I found our recently that Jonathan Harrington, one of the first casualties in the American Revolution (Battle of Lexington & Concord), is an ancestor on my maternal grandmother's side of the family. I also discovered her paternal grandfather was a Confederate veteran who served in the LA Infantry, Company K. Who knew grandma had such a fascinating legacy? Can't wait to read William's journey!

Melodee said...

The older I get the more I find myself looking back and wanting to know more about my ancestors (I have a William in there too). I look forward to hearing your stories.

Brin said...

Wow. That's so how I kinda look at it, too. But I'm going ahead. Do it with me if you feel so inclined? Maybe it's something you could do for both your mom and yourself.... Either way, thanks for chiming in. :)

Brin said...

That is SO COOL!! AMs quite a legacy of bravery and sacrifice. Thanks for sharing that. If you find out more, tell us, please...if you want. And thanks for the kind words.

Brin said...

Ditto. I wonder what our Williams were up to? I'm excited to find out. Thanks for reading, and thanks for the encouragement. :)

Brin said...

AMs= that's. Autocorrect. Sheesh. :)

Sue Neitzel said...

My Mum was born and raised in England and I'd love to trace that side of my family one day! I do believe this belonging comes with age, putting roots down and adding a family, happy tracing!

Terri Steffes said...

I am eager to read your stories. My family has stories, too, back to England. I am a DAR and I love the history connection.

Brin said...

For some reason, Blogger didn't put my replies under the corresponding comments. Grrrr. Sorry about that, y'all! :/

Rebecca said...

Oh Brin... I meant to tell you about our William too...my mom was able to trace her family back to William the Bruce of Scotland. I guess, depending on what side of the fence you sit on, that may or may not be something to be proud of...but she use to laugh and tell us we were princesses many times removed. This post has made me think about my mom alot. :) Thank you.

Durf said...

Yeah, I definitely feel a connection to the past. My past is in Rhode Island, where my ancestors settled in the 1600's in Tiverton, then moved to Fall River, Mass. Then to the Berkshires (western Mass.). I don't feel that I could ever leave New England.

Adrienne said...

I've only been to a bit of the corner of Texas for overnight. It was with a choir I was part of in college.
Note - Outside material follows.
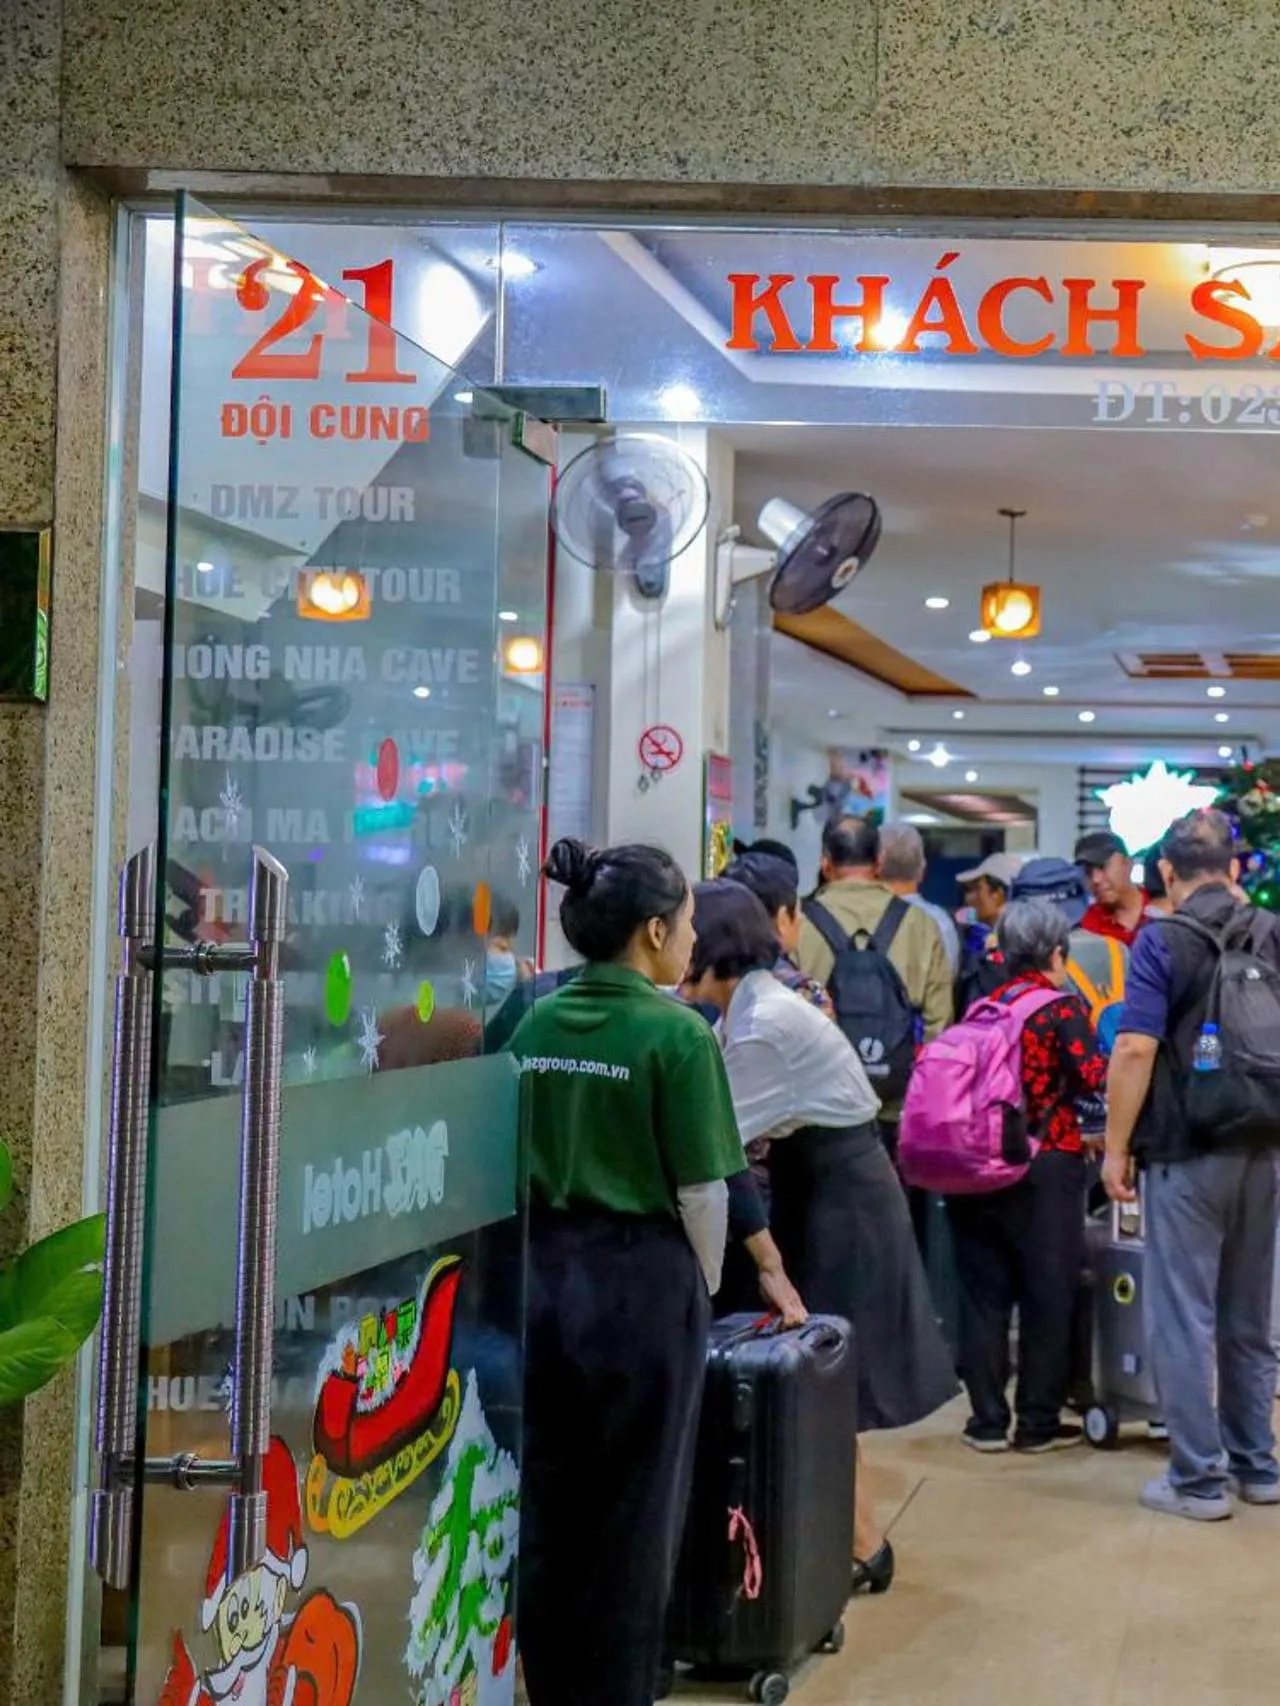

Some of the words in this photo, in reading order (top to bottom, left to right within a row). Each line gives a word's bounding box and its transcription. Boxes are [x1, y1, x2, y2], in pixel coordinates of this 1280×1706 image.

On tour, we just stopped, sang, spent the night and were gone. So I can't really say I've been to Texas. But my heart longs to do that some day when my sweetheart and I are free to travel. I can't wait to hear more of your story. I've been feeling a nudge to research more of mine and tell it, too. It's an important part of who we are. I'm from hardy, pioneer folks who braved the rigors of much to survive and pass on their strength to me. Thank you for sharing yourself with us. I look forward to everything you share.
~Adrienne~

Sarah said...

That has to be the most precise and heartfelt explanation of the desire to research family history that I have ever read. It's more than just linking name to name. It's about a deep desire to discover their stories, who they are- and in turn, who I am. Thank you for so beautifully voicing the very thing I could never quite find the words to explain!